### About this task
The required output is the line with "this 1920×1080 image." plus all lines that follow it to the end of the listing below, written out exactly, with no pictures.

• • • • •

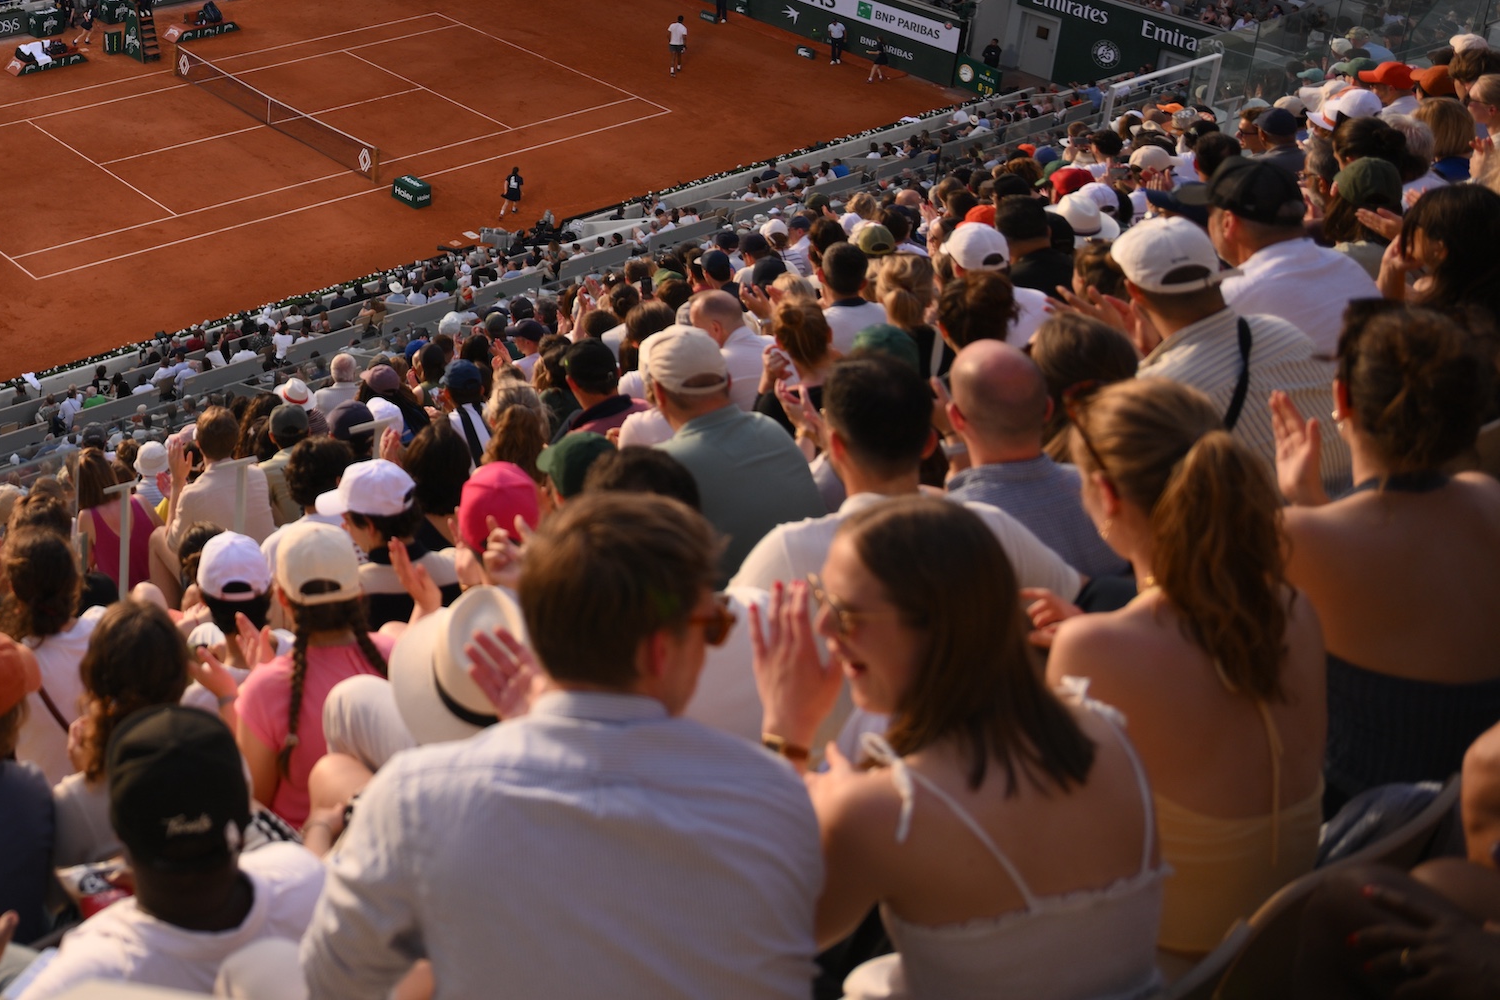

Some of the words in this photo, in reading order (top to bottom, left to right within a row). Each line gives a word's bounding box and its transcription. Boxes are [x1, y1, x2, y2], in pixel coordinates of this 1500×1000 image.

[875, 10, 896, 24] BNP
[898, 18, 941, 40] PARIBAS
[860, 36, 878, 48] BNP
[882, 44, 914, 61] ARIBAS
[401, 176, 423, 187] Haier
[395, 186, 414, 201] Haier
[417, 193, 431, 202] Haier
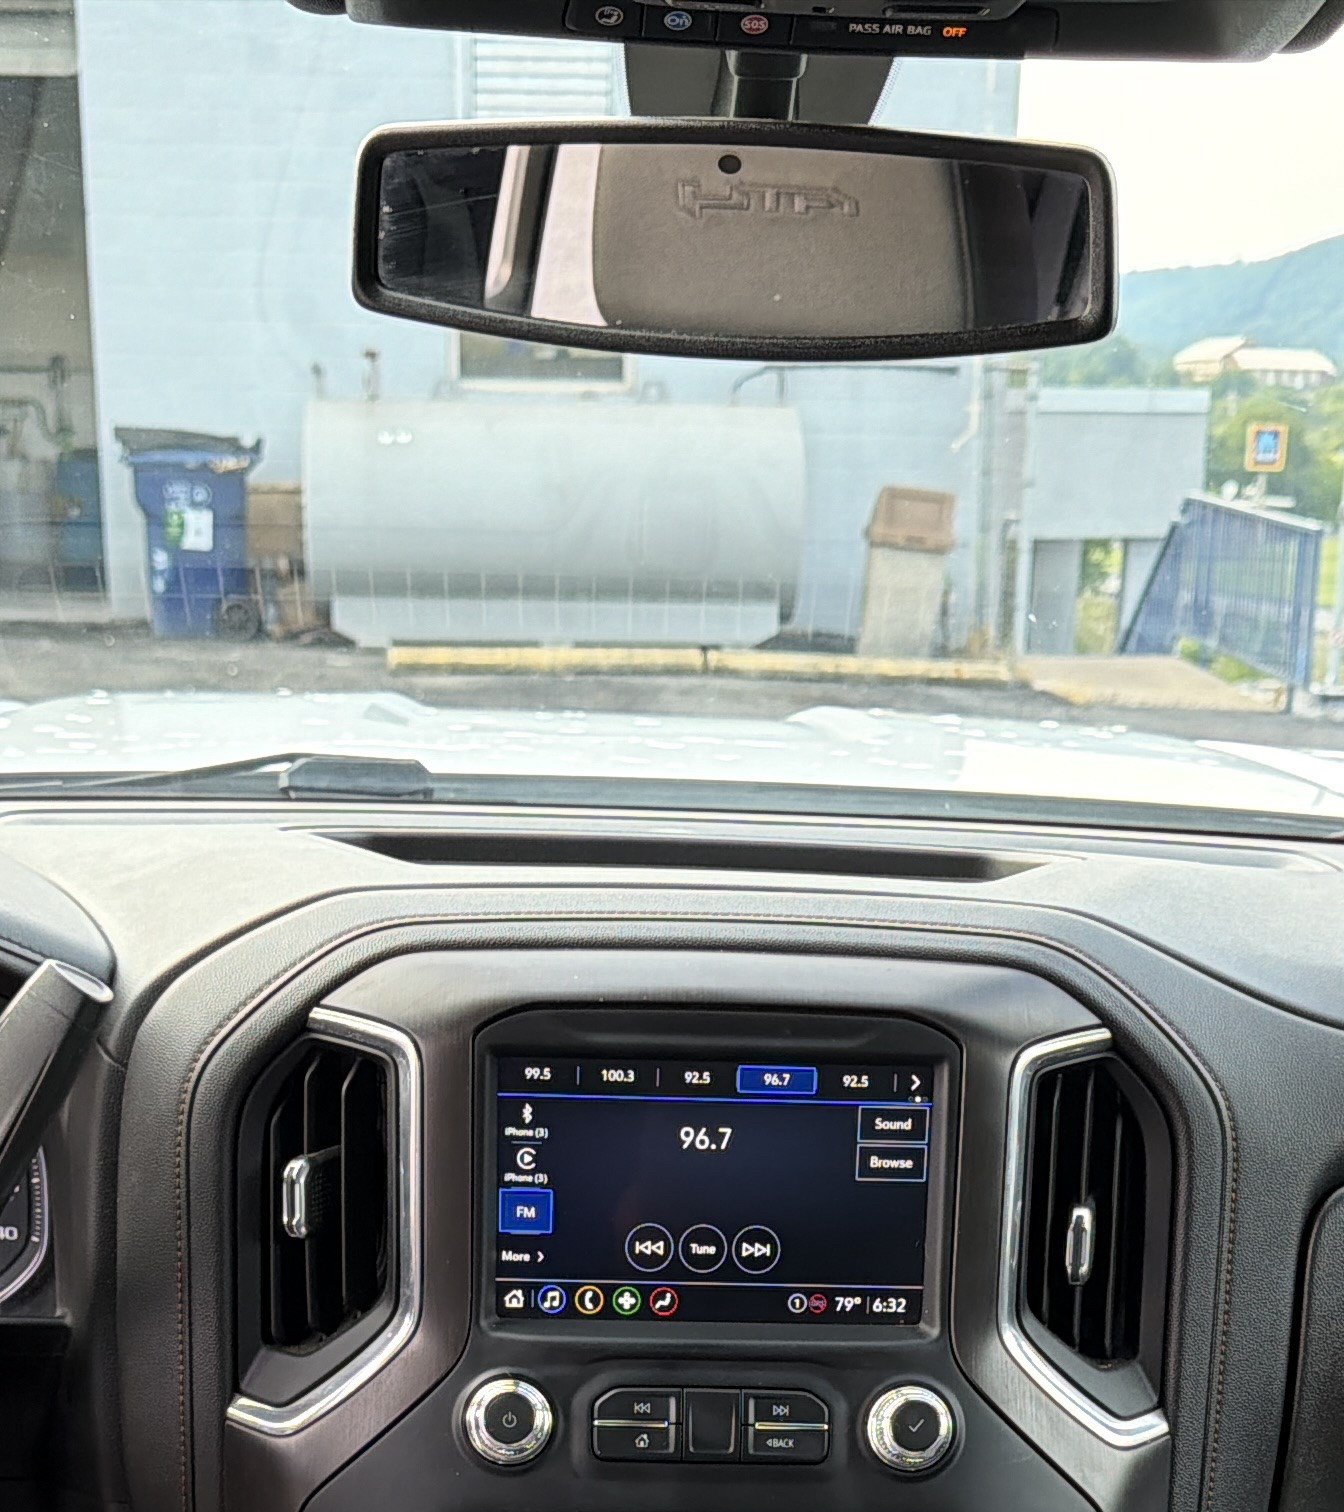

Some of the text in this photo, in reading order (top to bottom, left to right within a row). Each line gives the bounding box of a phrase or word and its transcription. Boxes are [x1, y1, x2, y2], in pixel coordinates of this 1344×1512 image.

[744, 20, 765, 29] SOS
[848, 23, 880, 34] PASS
[883, 24, 903, 35] AIR
[906, 25, 932, 36] BAG
[943, 27, 967, 38] OFF
[524, 1067, 551, 1081] 99.5
[601, 1069, 635, 1083] 100.3
[684, 1071, 711, 1085] 92.5
[763, 1073, 791, 1087] 96.7
[842, 1075, 869, 1088] 92.5
[875, 1118, 912, 1131] Sound
[679, 1126, 732, 1151] 96.7
[869, 1156, 913, 1169] Browse
[516, 1206, 536, 1219] FM
[690, 1243, 716, 1255] Tune
[501, 1250, 531, 1263] More
[872, 1298, 906, 1313] 6:32
[773, 1438, 795, 1448] BACK
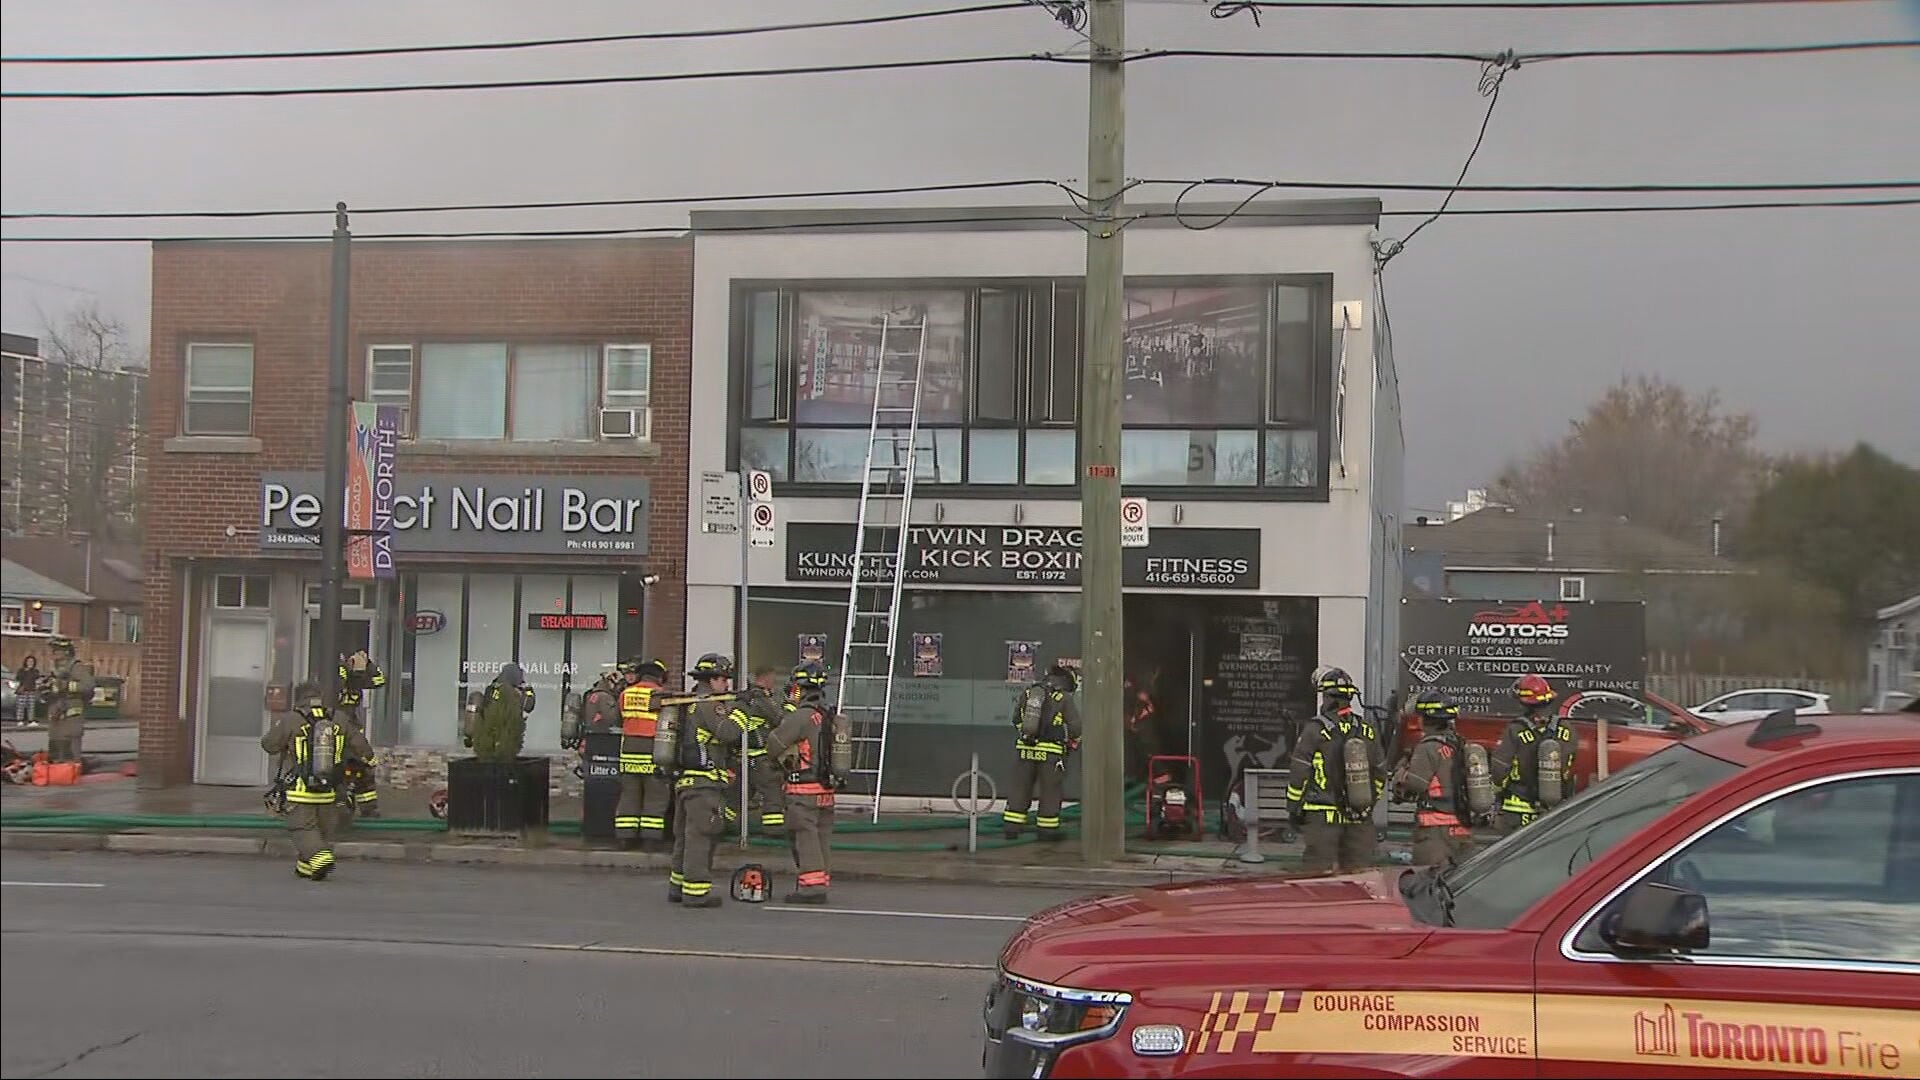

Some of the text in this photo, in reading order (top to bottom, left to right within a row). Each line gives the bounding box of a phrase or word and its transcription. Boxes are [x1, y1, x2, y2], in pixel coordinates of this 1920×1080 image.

[376, 428, 395, 569] DANFORTH
[263, 484, 642, 533] Pect Nail Bar
[351, 476, 362, 568] CROSROADS
[566, 539, 581, 549] Ph:
[581, 540, 597, 549] 416
[598, 541, 613, 550] 901
[908, 527, 1083, 547] TWIN DRAG
[1123, 534, 1145, 543] ROUTE
[920, 549, 993, 568] KICK
[1001, 550, 1083, 569] BOXI
[1146, 558, 1249, 574] FITNESS
[798, 567, 1236, 585] TWINDRAONEAT.COM EST. 1972 416-691-5600
[541, 616, 575, 629] EYELASH
[1467, 623, 1569, 638] MOTORS
[1513, 637, 1535, 646] USED
[1408, 645, 1523, 657] CERTIFIED CARS
[554, 663, 578, 675] BAR
[1457, 662, 1612, 674] EXTENDED WARRANTY
[1440, 686, 1491, 694] DANFORTH
[1566, 679, 1640, 690] WE FINANCE
[1313, 995, 1395, 1012] COURAGE
[1364, 1014, 1480, 1032] COMPASSION
[1453, 1035, 1528, 1055] SERVICE
[1681, 1012, 1900, 1071] TORONTO Fire
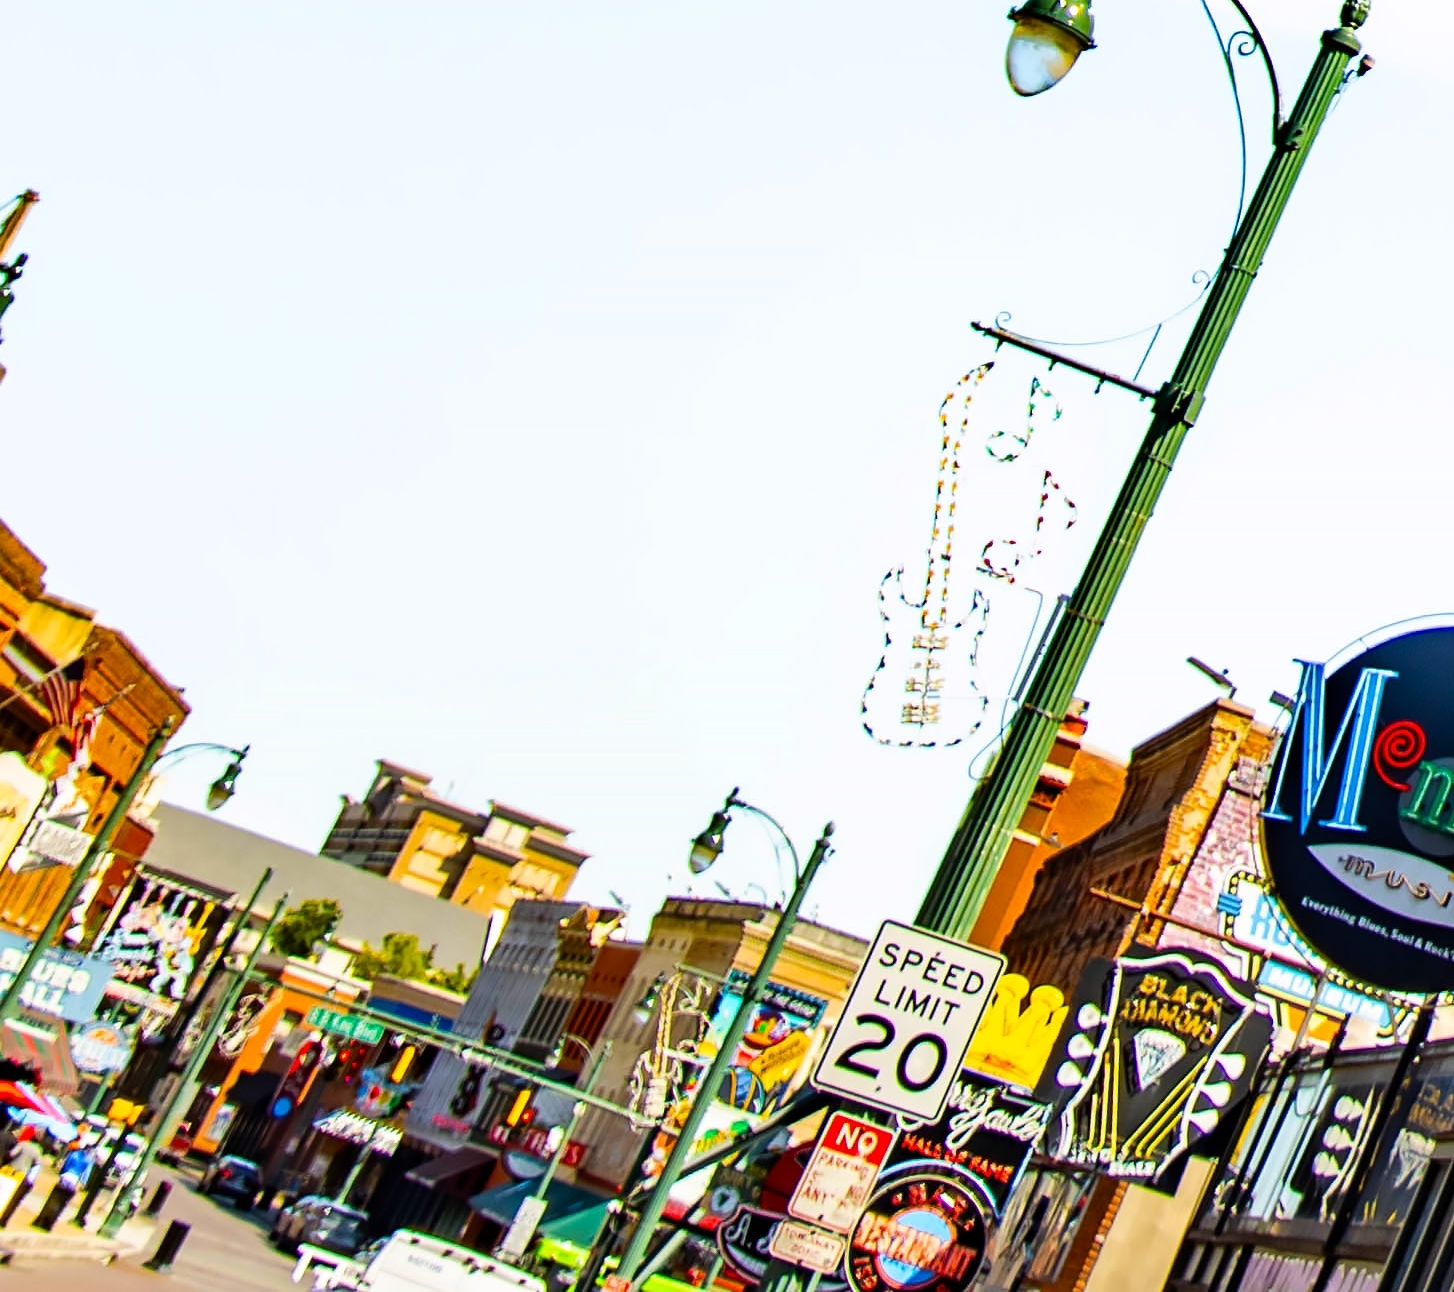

• • • • •

### Written answer
Some of the text in this photo, in reading order (top to bottom, left to right within a row). Each line gives the bounding box of a phrase or word and its transcription. Boxes are [x1, y1, x2, y2], in pixel coordinates of this 1920×1080 image.

[376, 428, 395, 569] DANFORTH
[263, 484, 642, 533] Pect Nail Bar
[351, 476, 362, 568] CROSROADS
[566, 539, 581, 549] Ph:
[581, 540, 597, 549] 416
[598, 541, 613, 550] 901
[908, 527, 1083, 547] TWIN DRAG
[1123, 534, 1145, 543] ROUTE
[920, 549, 993, 568] KICK
[1001, 550, 1083, 569] BOXI
[1146, 558, 1249, 574] FITNESS
[798, 567, 1236, 585] TWINDRAONEAT.COM EST. 1972 416-691-5600
[541, 616, 575, 629] EYELASH
[1467, 623, 1569, 638] MOTORS
[1513, 637, 1535, 646] USED
[1408, 645, 1523, 657] CERTIFIED CARS
[554, 663, 578, 675] BAR
[1457, 662, 1612, 674] EXTENDED WARRANTY
[1440, 686, 1491, 694] DANFORTH
[1566, 679, 1640, 690] WE FINANCE
[1313, 995, 1395, 1012] COURAGE
[1364, 1014, 1480, 1032] COMPASSION
[1453, 1035, 1528, 1055] SERVICE
[1681, 1012, 1900, 1071] TORONTO Fire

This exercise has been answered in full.